Uma data especial para diversos artistas foi comemorada na quinta-feira (27). Nesta ocasião, o Dia do Circo foi celebrado por muitos profissionais que trabalham neste maravilhoso universo da fantasia e do entretenimento. Em Jundiaí, cerca de 150 artistas do circo Stankowich apresentaram o espetáculo ‘Celebration’, que está em cartaz na cidade desde o começo do mês. Para eles, a melhor maneira de comemorar a data foi no picadeiro, já que alegrar o público é a forma mais prazerosa que encontram de ganhar a vida.

Juventude
Muitos profissionais são jovens entre 14 e 31 anos. A maioria desses artistas nasceu no circo, e seus pais e avós já atuavam no picadeiro antes deles chegarem ao mundo. É o caso de Marlon Miranda, 27, o palhaço Panqueca. “Aprendi a ser engraçado com minha família. Já fui mágico, trapezista, malabarista, mas o que me agrada mesmo é fazer o público rir. Esse dom vem do meu pai, que há 52 anos é o palhaço Chumbrega”, revela. Hoje, Marlon tem um filho de um ano, chamado Gustavo. Além de ser alegre como o pai e o avô, o menino é a pequena promessa da família para manter viva a arte do riso.

Compromisso
Quem também nunca viveu fora do picadeiro é Kamila Stankowich. Hoje, aos 31 anos, ela é mágica e tem a responsabilidade de conduzir um trabalho iniciado no século 19, no leste europeu. Foi daquela região que seus antepassados chegaram ao Brasil, em 1856, e deram continuidade ao circo que já funcionava na Romênia. Kamila é da sétima geração de sua família circense. “Gosto muito da minha vida e de conhecer lugares novos. Eu nasci dentro do circo e quero continuar trabalhando até ficar velhinha, como meus avós”, explica.

Estudos
Quem pensa que os artistas de circo não estudam – já que a cada momento estão viajando para apresentar o espetáculo em cidades diferentes – está enganado. Existe uma lei federal que ampara as crianças e os adolescentes filhos dos artistas de circo. “Nós estudamos como as outras crianças, a única diferença é que passamos por diversas escolas, já que o circo sempre muda de cidade”, afirma Kamila.

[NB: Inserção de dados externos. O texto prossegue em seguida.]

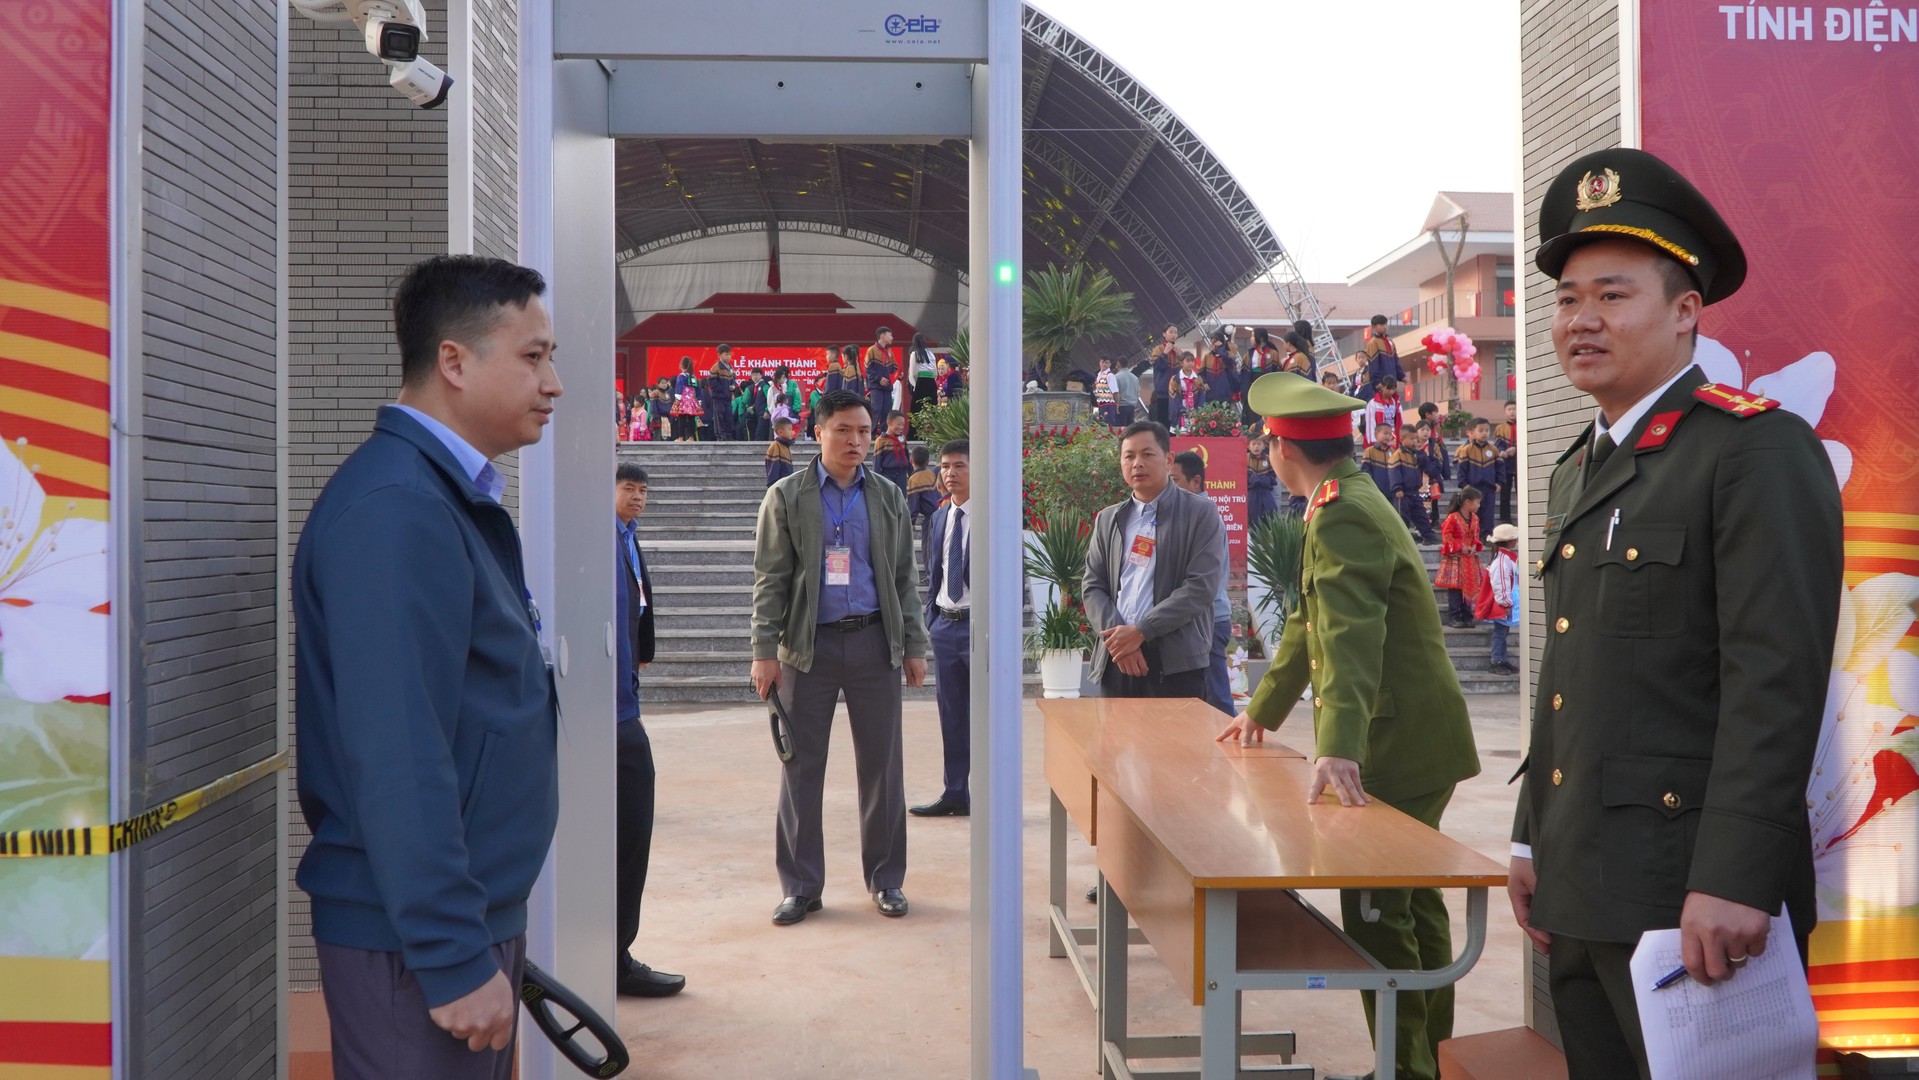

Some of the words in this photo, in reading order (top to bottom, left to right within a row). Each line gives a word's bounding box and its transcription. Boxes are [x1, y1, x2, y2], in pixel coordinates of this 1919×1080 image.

A jovem é exemplo do que fala. Com 18 anos, ela terminou o ensino médio e, logo depois, fez faculdade de marketing e pós-graduação em administração geral. “Hoje, com a internet, é tudo mais fácil. Eu estudava em casa e, uma vez por mês, ia para a faculdade fazer provas e entregar trabalhos”.

Moradia
Viver no circo é uma experiência única. A cada cidade nova que o grupo visita, os trailers onde moram são levados com a lona gigante que abriga o picadeiro. Dentro de cada trailer, os artistas carregam seus pertences, móveis e objetos. Nada muito diferente do que é encontrado em uma casa convencional. Neste compartimento parecido com um furgão estão computadores, televisores, ar-condicionado, geladeiras, fogões e camas. Com o avanço da tecnologia, os artistas dispõem de algumas regalias, como sinal de TV por satélite e internet móvel.

Fugidinha
O conhecido termo “fugir com o circo” também se faz presente nos bastidores do Stankowich. Com 23 anos, Bruno Souza não fugiu, mas foi emancipado pelos pais para seguir seu sonho de se apresentar pelas regiões do Brasil. Quando tinha 14 anos, o rapaz ficou impressionado com o circo Stankowich, que fazia apresentações em Ipatinga, sua cidade natal no Estado de Minas Gerais. Então, convenceu seus responsáveis a deixá-lo seguir com o grupo. “Hoje sou o palhaço Berinjela. Aqui no circo eu encontrei uma nova família, que cuidou de mim e deu todo o suporte que eu precisava.”

Mudança
Depois de quase um mês em Jundiaí, o circo Stankowich fica na cidade até o fim da próxima semana. Antes de ir embora, todos os artistas precisam se empenhar para desmontar a lona gigante que sustenta o espaço das apresentações. Assim que tudo estiver pronto, eles partem para uma nova cidade, onde vão apresentar seus talentos e conquistar novos admiradores.